Dataset entries
++++++++++++++++++++

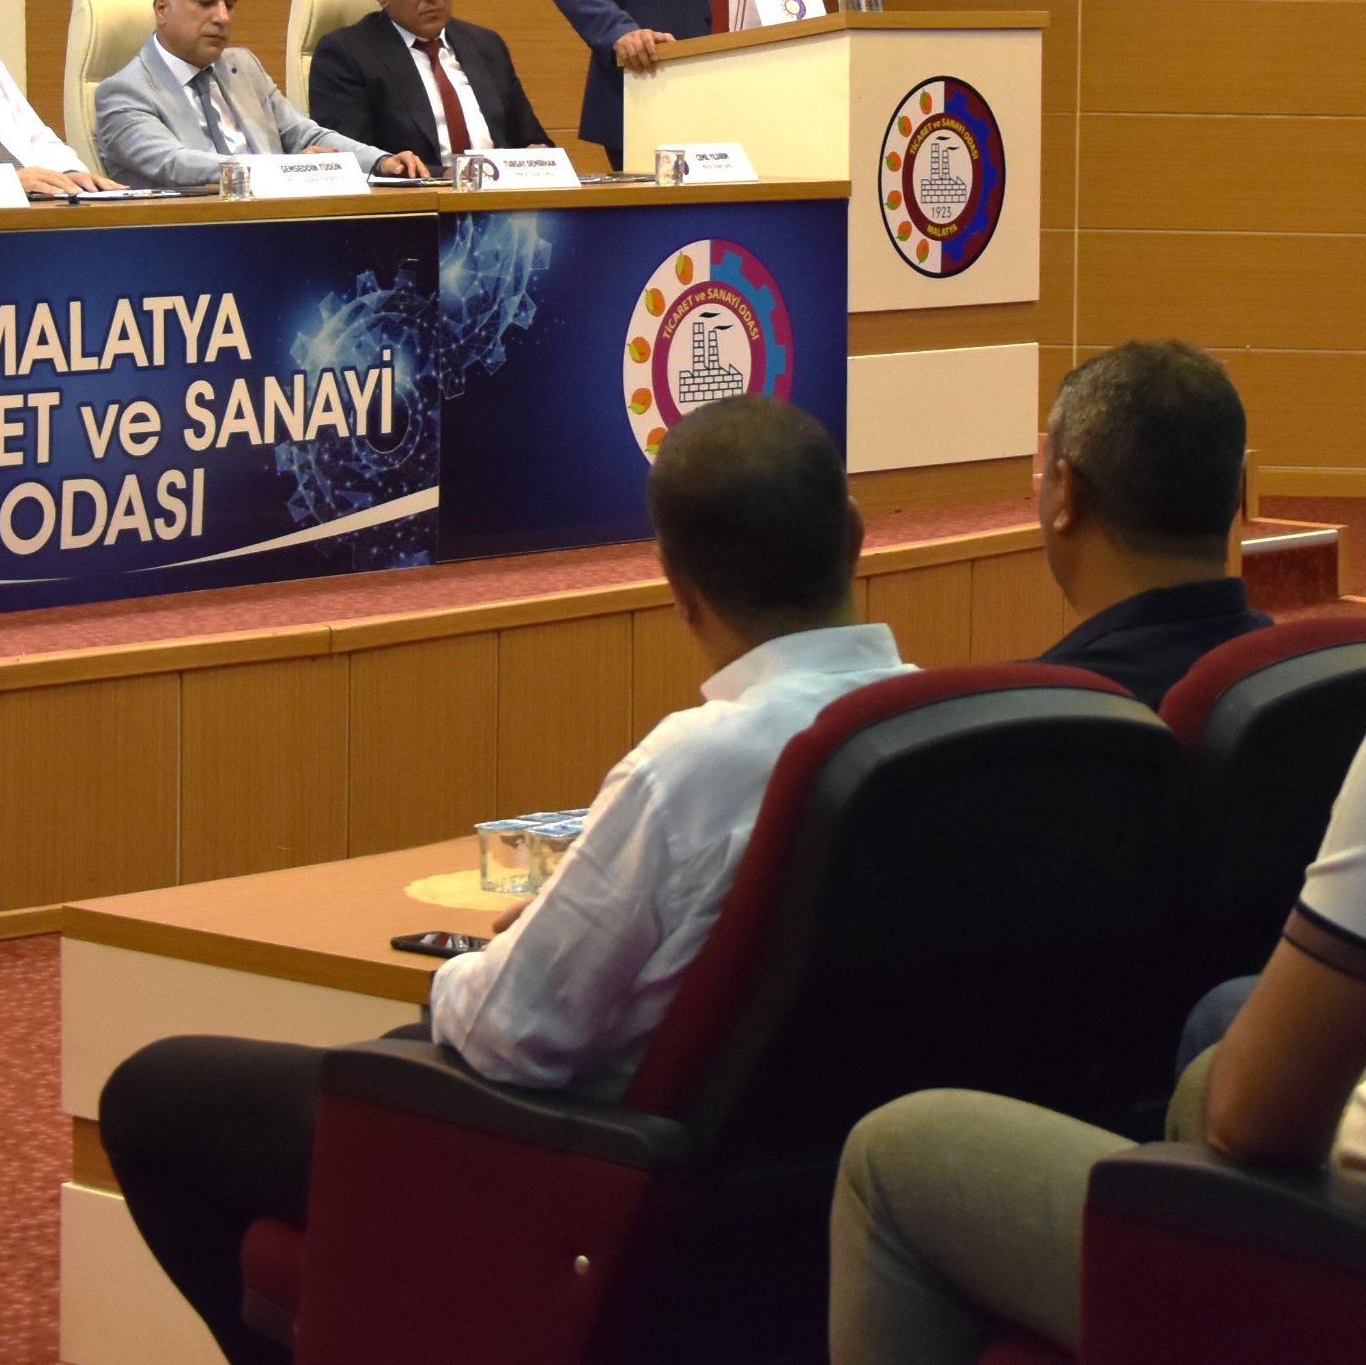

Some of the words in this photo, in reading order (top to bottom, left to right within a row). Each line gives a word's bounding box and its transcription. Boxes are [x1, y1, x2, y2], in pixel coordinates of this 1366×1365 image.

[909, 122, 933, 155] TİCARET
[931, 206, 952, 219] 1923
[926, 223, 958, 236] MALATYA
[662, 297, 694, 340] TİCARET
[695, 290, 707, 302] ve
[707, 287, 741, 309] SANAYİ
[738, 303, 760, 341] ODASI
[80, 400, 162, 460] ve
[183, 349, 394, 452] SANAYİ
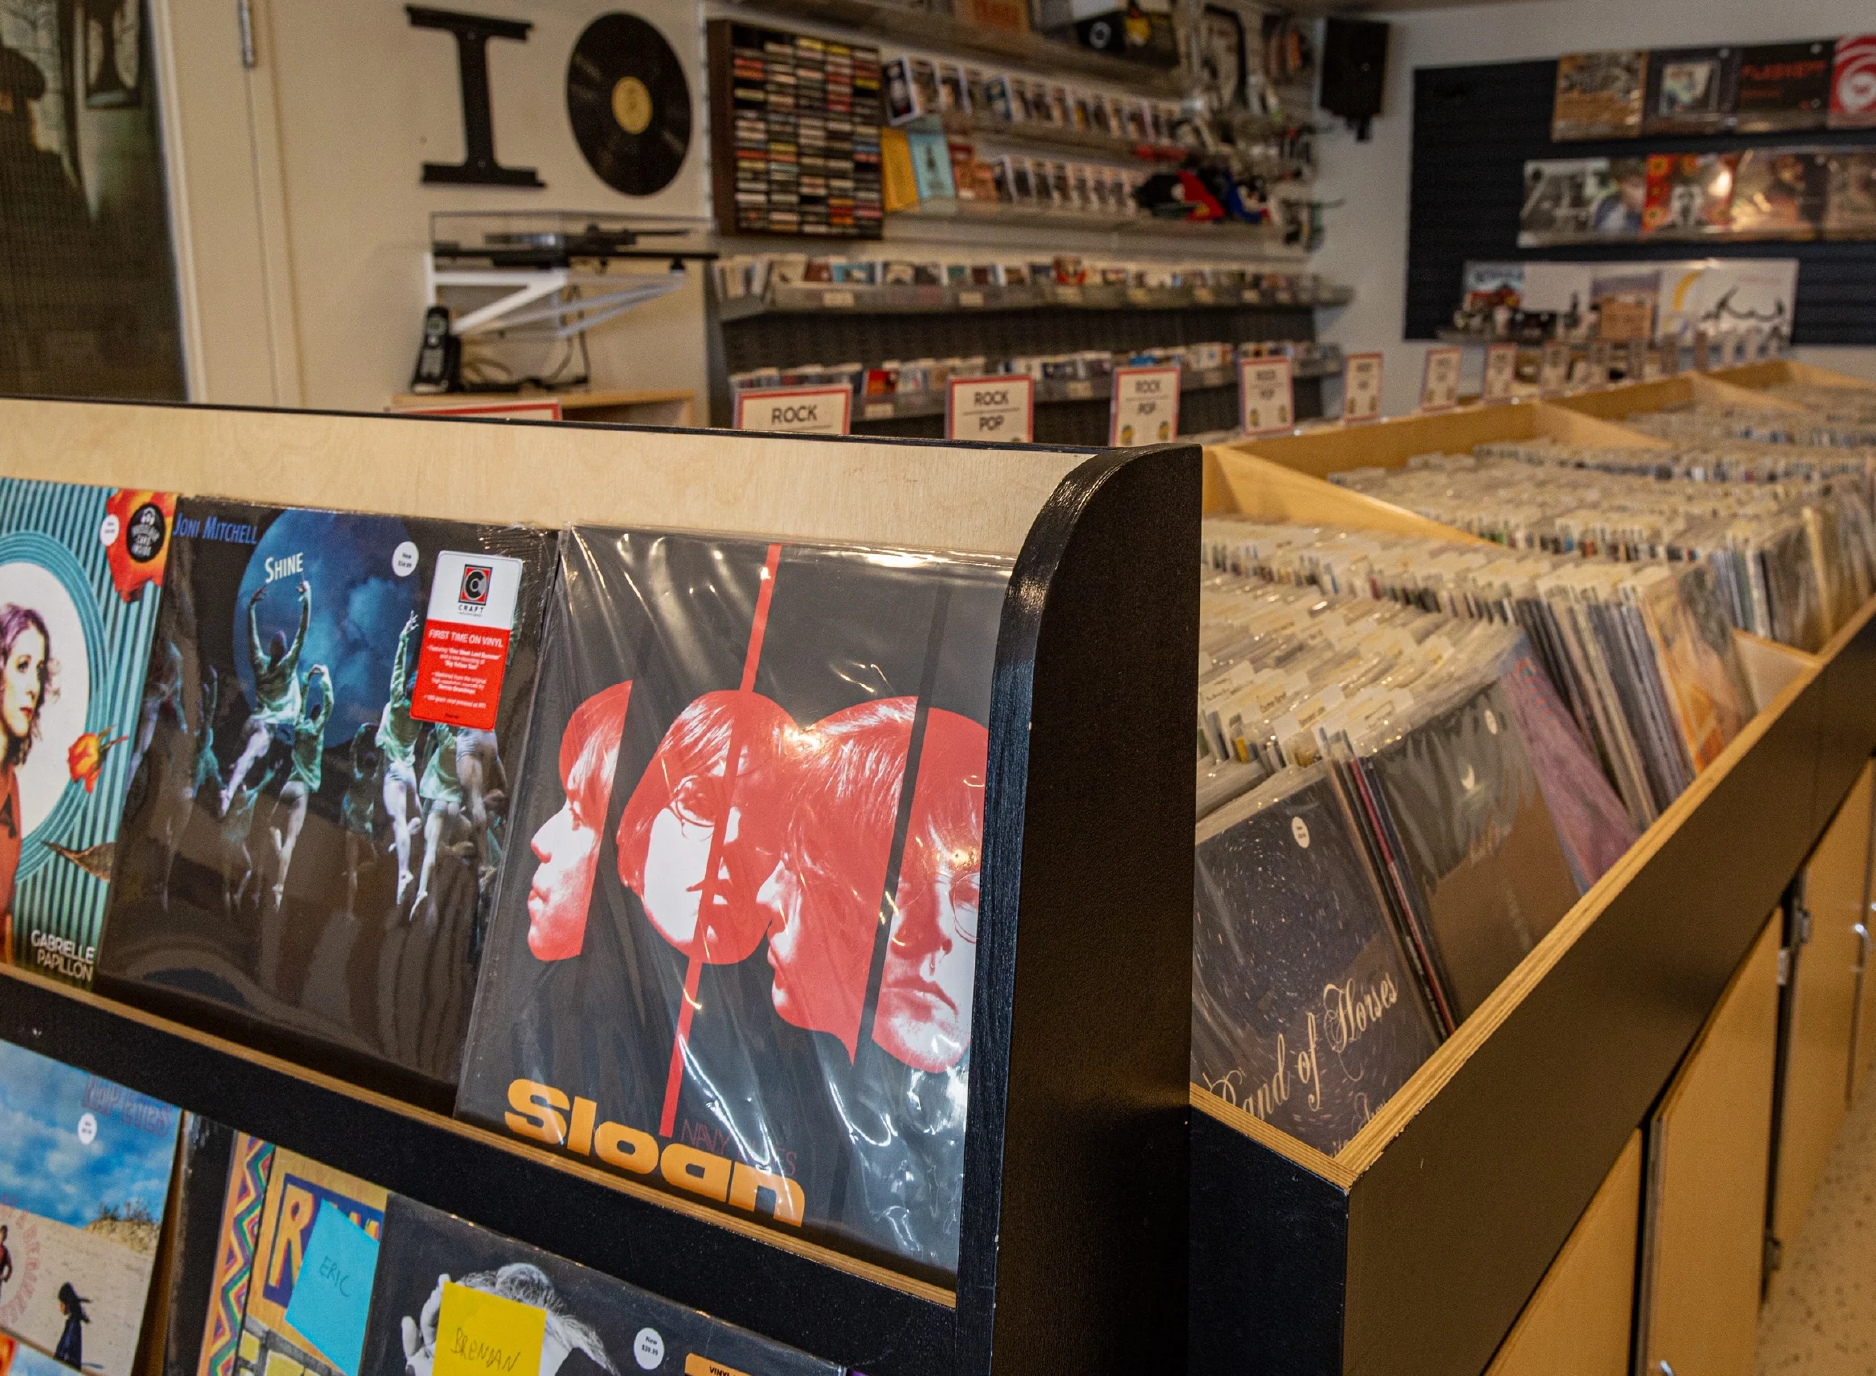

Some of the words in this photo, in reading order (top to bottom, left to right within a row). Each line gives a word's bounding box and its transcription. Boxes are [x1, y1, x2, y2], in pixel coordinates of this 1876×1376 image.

++++++++++++++++++++

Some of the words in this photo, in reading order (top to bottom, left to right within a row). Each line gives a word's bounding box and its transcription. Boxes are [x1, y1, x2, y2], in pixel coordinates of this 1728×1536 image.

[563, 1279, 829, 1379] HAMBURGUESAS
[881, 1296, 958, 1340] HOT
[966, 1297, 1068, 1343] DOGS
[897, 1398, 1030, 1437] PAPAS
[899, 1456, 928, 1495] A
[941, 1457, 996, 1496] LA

++++++++++++++++++++

--- Work instructions ---
The data above holds the lines to copy: start at the one with "this 1366×1365 image.", stop at the one with "this 1876×1376 image.", include both, copy them exactly without pictures, and copy nothing else.

--- Solution ---
Some of the words in this photo, in reading order (top to bottom, left to right within a row). Each line gives a word's bounding box and its transcription. Boxes are [x1, y1, x2, y2], in pixel coordinates of this 1366×1365 image.

[909, 122, 933, 155] TİCARET
[931, 206, 952, 219] 1923
[926, 223, 958, 236] MALATYA
[662, 297, 694, 340] TİCARET
[695, 290, 707, 302] ve
[707, 287, 741, 309] SANAYİ
[738, 303, 760, 341] ODASI
[80, 400, 162, 460] ve
[183, 349, 394, 452] SANAYİ

Some of the words in this photo, in reading order (top to bottom, left to right within a row). Each line gives a word's bounding box and its transcription. Boxes are [x1, y1, x2, y2], in pixel coordinates of this 1876×1376 image.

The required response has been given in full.